Saved entries
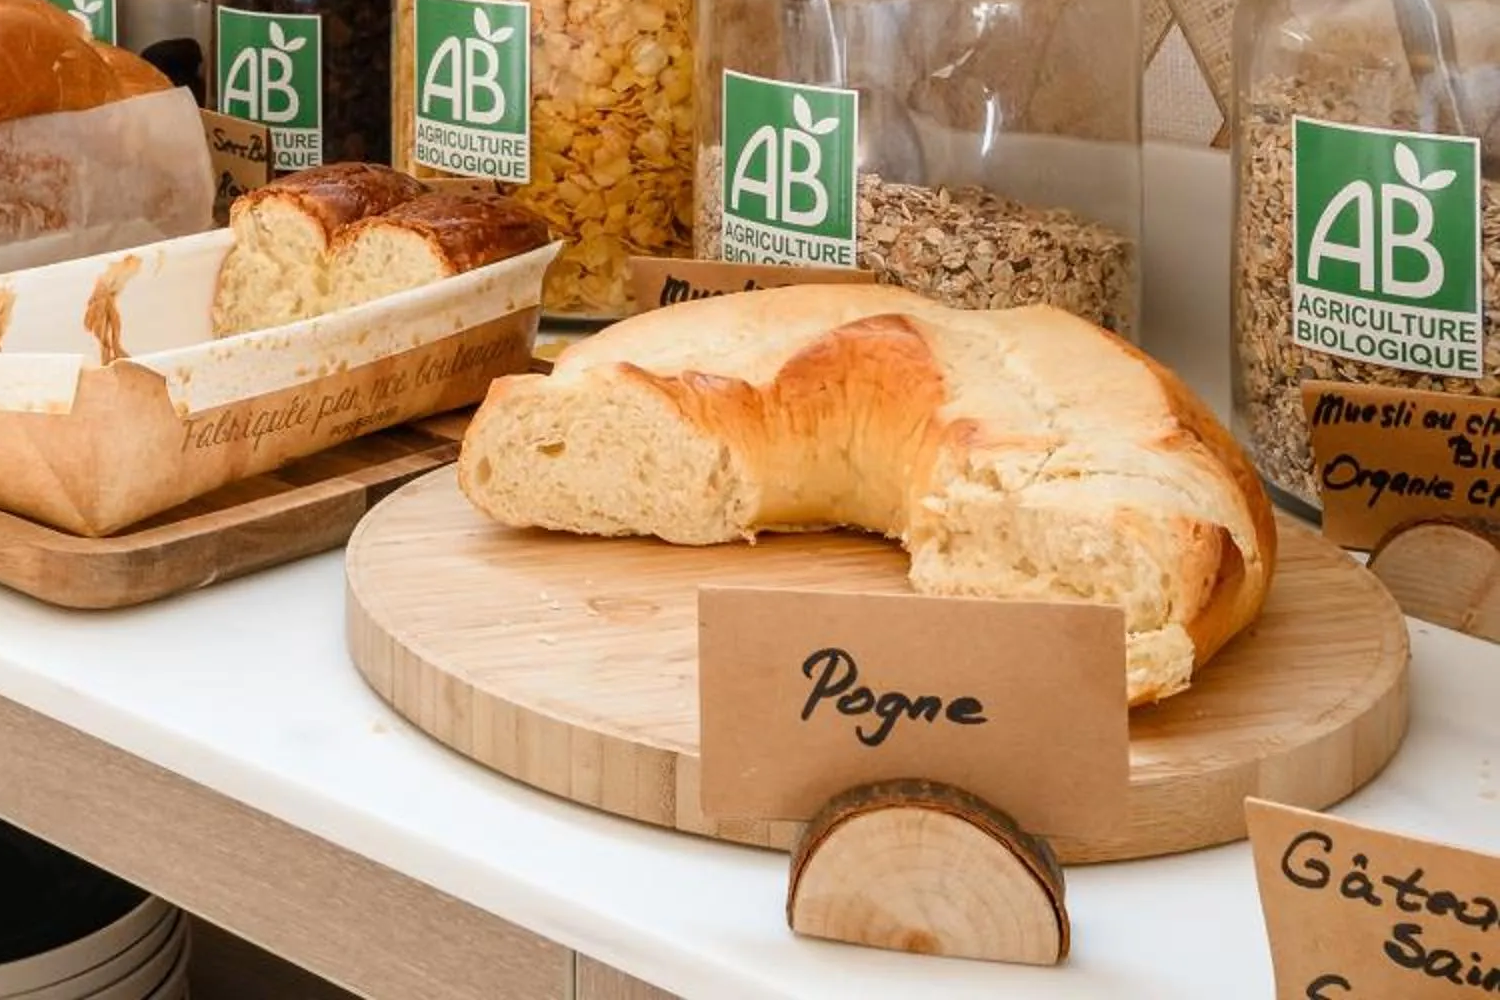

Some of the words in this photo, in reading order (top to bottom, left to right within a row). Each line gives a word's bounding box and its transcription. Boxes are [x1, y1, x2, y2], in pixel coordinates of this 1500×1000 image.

[223, 47, 300, 123] AB
[422, 36, 505, 125] AB
[417, 123, 526, 157] AGRICULTURE
[417, 144, 526, 179] BIOLOGIQUE
[732, 125, 829, 226] AB
[725, 221, 851, 265] AGRICULTURE
[1307, 180, 1445, 299] AB
[1297, 319, 1478, 371] BIOLOGIQUE
[1298, 293, 1477, 344] AGRICULTURE
[1312, 392, 1417, 428] Muesli
[1322, 454, 1454, 508] Organic
[802, 647, 988, 747] Pogne
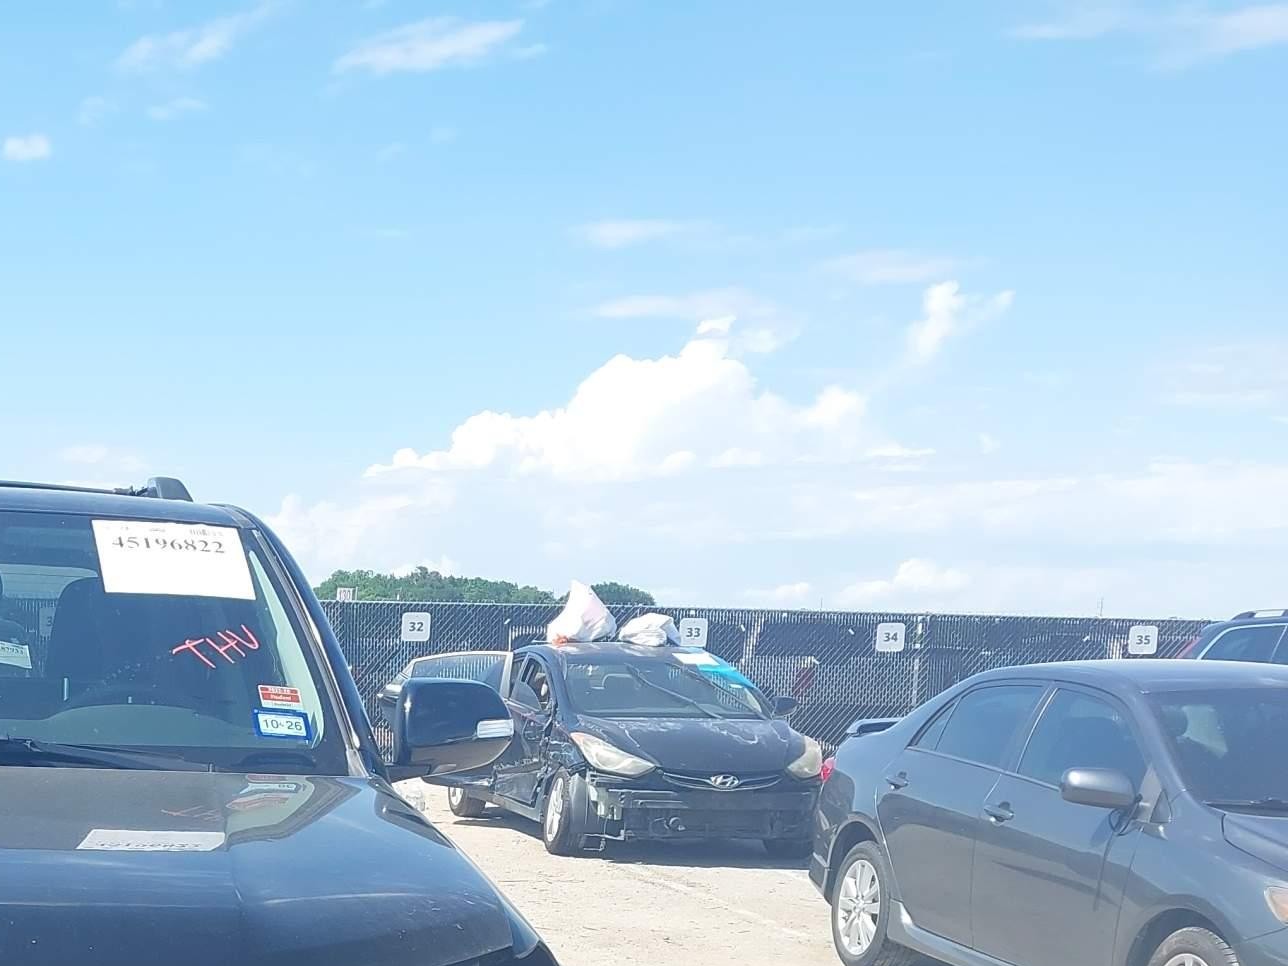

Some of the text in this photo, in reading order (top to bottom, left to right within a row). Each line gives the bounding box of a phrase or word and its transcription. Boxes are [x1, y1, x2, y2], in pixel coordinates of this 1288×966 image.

[112, 536, 225, 554] 45196822
[408, 621, 424, 632] 32
[685, 627, 701, 638] 33
[883, 632, 899, 642] 34
[1135, 635, 1152, 645] 35
[263, 719, 302, 731] 10 26
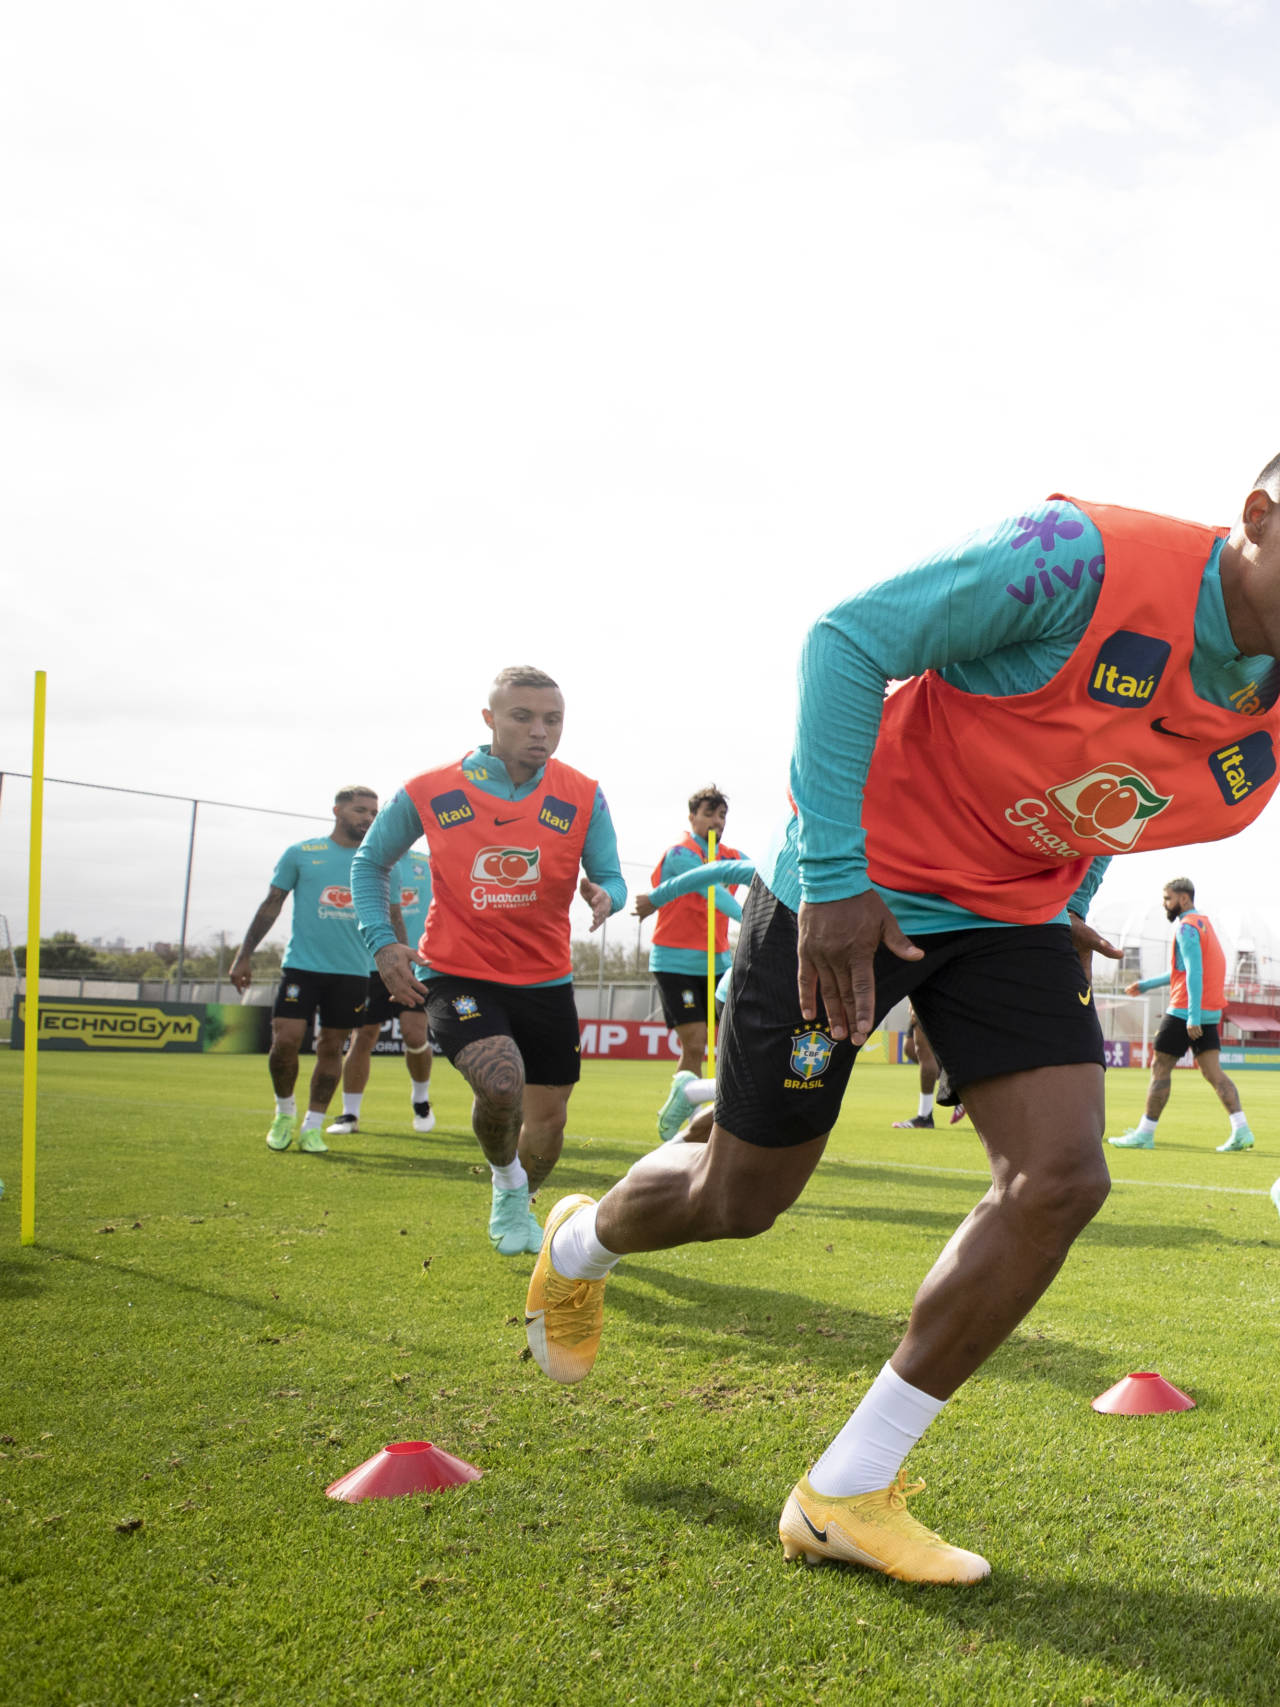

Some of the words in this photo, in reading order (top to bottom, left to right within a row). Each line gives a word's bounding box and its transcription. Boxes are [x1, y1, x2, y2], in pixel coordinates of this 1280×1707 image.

[1093, 663, 1155, 699] Itaú
[462, 767, 489, 781] aú
[1217, 746, 1253, 800] Itaú
[438, 804, 473, 826] Itaú
[540, 807, 570, 832] Itaú
[470, 886, 538, 911] Guaraná
[784, 1079, 825, 1090] BRASIL
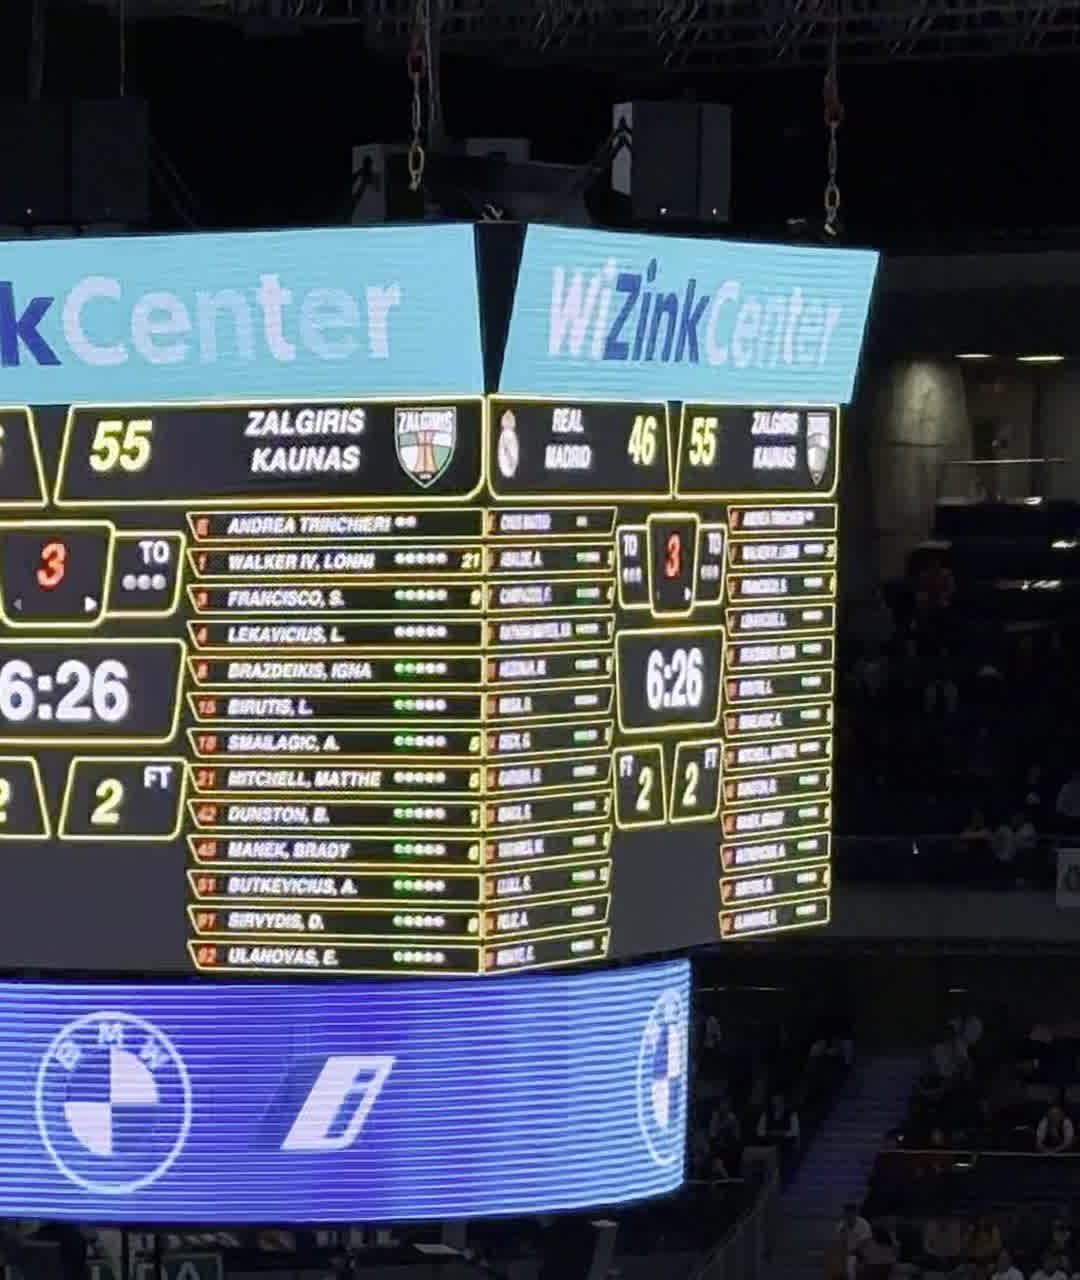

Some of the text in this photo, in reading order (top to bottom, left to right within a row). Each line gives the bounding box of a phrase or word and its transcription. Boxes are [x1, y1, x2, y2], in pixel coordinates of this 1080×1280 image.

[245, 409, 366, 437] ZALGIRIS
[88, 419, 153, 472] 55
[628, 415, 657, 466] 46
[689, 416, 719, 467] 55
[250, 446, 361, 473] KAUNAS
[227, 517, 295, 535] ANDREA
[138, 540, 170, 564] TO
[623, 534, 638, 556] TO
[665, 532, 681, 579] 3
[36, 543, 67, 587] 3
[228, 554, 300, 571] WALKER
[461, 553, 480, 568] 21
[227, 590, 325, 607] FRANCISCO,
[330, 627, 345, 642] L.
[646, 647, 703, 711] 6:26
[298, 699, 313, 715] L.
[323, 736, 340, 751] A.
[143, 765, 173, 788] FT
[635, 766, 654, 811] 2
[682, 761, 700, 806] 2
[89, 778, 124, 825] 2
[340, 879, 358, 895] A.
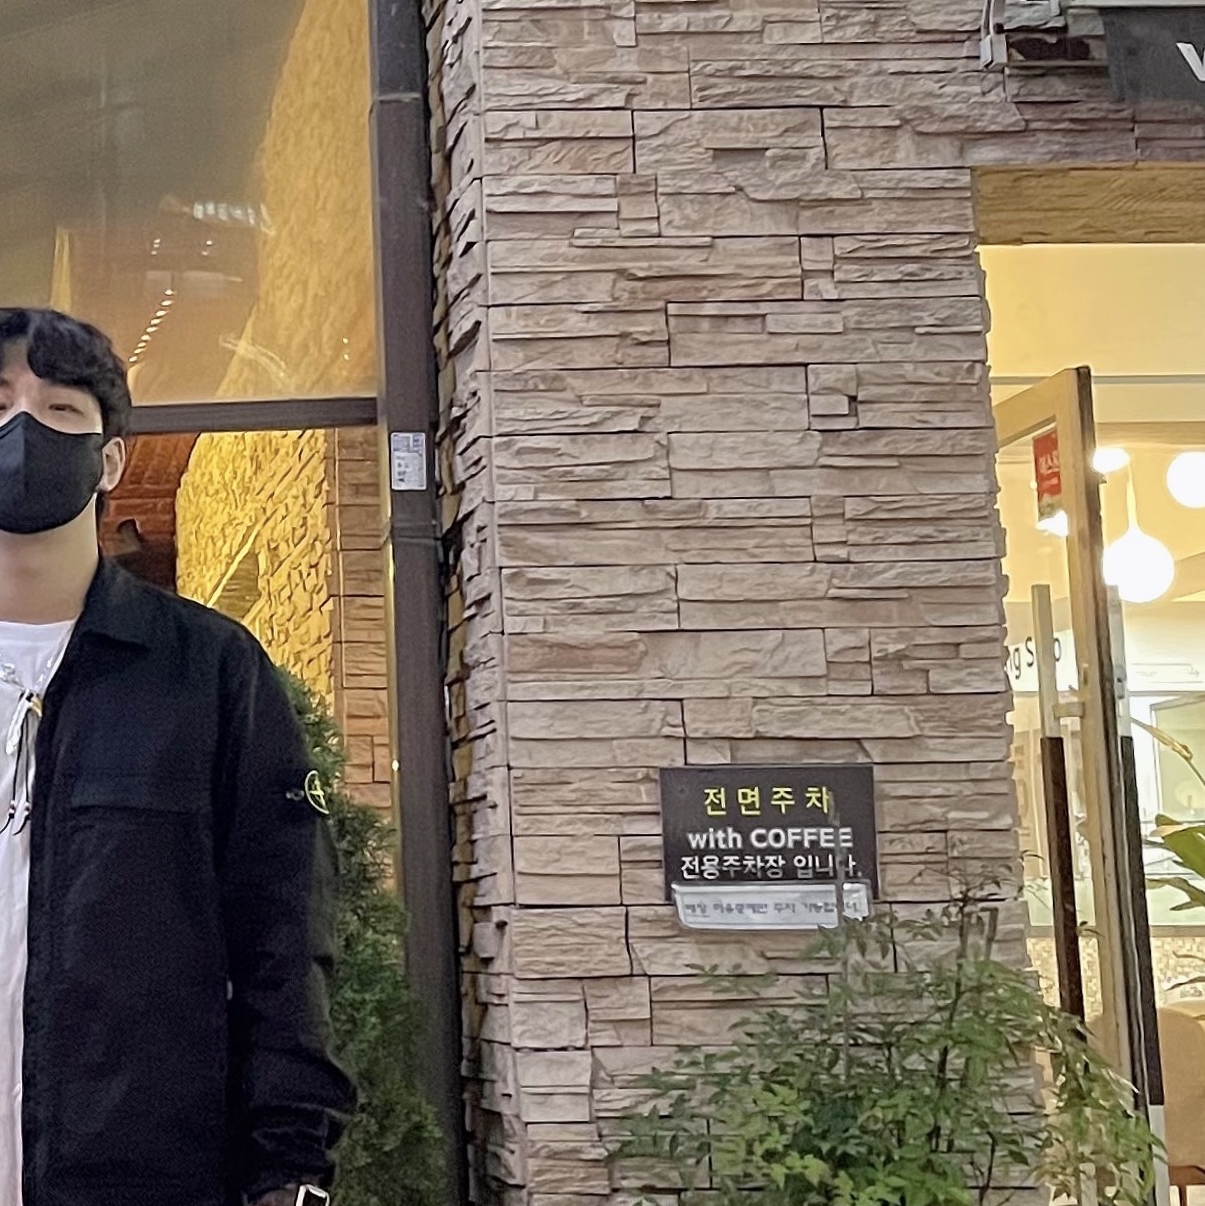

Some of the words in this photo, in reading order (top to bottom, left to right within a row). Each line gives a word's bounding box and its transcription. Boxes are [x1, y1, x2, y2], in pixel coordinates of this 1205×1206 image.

[687, 827, 743, 849] with
[750, 827, 854, 849] COFFEE
[681, 855, 786, 880] 전용주차장

▶ WHAT YOU ARE ASKED TO DO
Copy the entries precisely, images excluded.

▶ TASK RESPONSE
Some of the words in this photo, in reading order (top to bottom, left to right within a row). Each line gives a word's bounding box and its transcription. Boxes are [x1, y1, x2, y2], in pixel coordinates of this 1500×1000 image.

[223, 47, 300, 123] AB
[422, 36, 505, 125] AB
[417, 123, 526, 157] AGRICULTURE
[417, 144, 526, 179] BIOLOGIQUE
[732, 125, 829, 226] AB
[725, 221, 851, 265] AGRICULTURE
[1307, 180, 1445, 299] AB
[1297, 319, 1478, 371] BIOLOGIQUE
[1298, 293, 1477, 344] AGRICULTURE
[1312, 392, 1417, 428] Muesli
[1322, 454, 1454, 508] Organic
[802, 647, 988, 747] Pogne

Some of the text in this photo, in reading order (top to bottom, left to right within a row). Each line gives the bounding box of a phrase or word and its transcription. Boxes are [x1, y1, x2, y2], in pixel coordinates of this 1288×966 image.

[112, 536, 225, 554] 45196822
[408, 621, 424, 632] 32
[685, 627, 701, 638] 33
[883, 632, 899, 642] 34
[1135, 635, 1152, 645] 35
[263, 719, 302, 731] 10 26

Some of the words in this photo, in reading order (top to bottom, left to right within a row). Each line gives a word's bounding box and its transcription. Boxes are [x1, y1, x2, y2], in pixel coordinates of this 1280×1707 image.

[1093, 663, 1155, 699] Itaú
[462, 767, 489, 781] aú
[1217, 746, 1253, 800] Itaú
[438, 804, 473, 826] Itaú
[540, 807, 570, 832] Itaú
[470, 886, 538, 911] Guaraná
[784, 1079, 825, 1090] BRASIL

Some of the text in this photo, in reading order (top to bottom, left to right within a row). Each line gives the bounding box of a phrase or word and its transcription. Boxes are [x1, y1, x2, y2], in pixel coordinates of this 1080×1280 image.

[245, 409, 366, 437] ZALGIRIS
[88, 419, 153, 472] 55
[628, 415, 657, 466] 46
[689, 416, 719, 467] 55
[250, 446, 361, 473] KAUNAS
[227, 517, 295, 535] ANDREA
[138, 540, 170, 564] TO
[623, 534, 638, 556] TO
[665, 532, 681, 579] 3
[36, 543, 67, 587] 3
[228, 554, 300, 571] WALKER
[461, 553, 480, 568] 21
[227, 590, 325, 607] FRANCISCO,
[330, 627, 345, 642] L.
[646, 647, 703, 711] 6:26
[298, 699, 313, 715] L.
[323, 736, 340, 751] A.
[143, 765, 173, 788] FT
[635, 766, 654, 811] 2
[682, 761, 700, 806] 2
[89, 778, 124, 825] 2
[340, 879, 358, 895] A.

Some of the words in this photo, in reading order (top to bottom, left to right within a row). Each line gives a word's bounding box and its transcription. Boxes are [x1, y1, x2, y2], in pixel coordinates of this 1205×1206 image.

[687, 827, 743, 849] with
[750, 827, 854, 849] COFFEE
[681, 855, 786, 880] 전용주차장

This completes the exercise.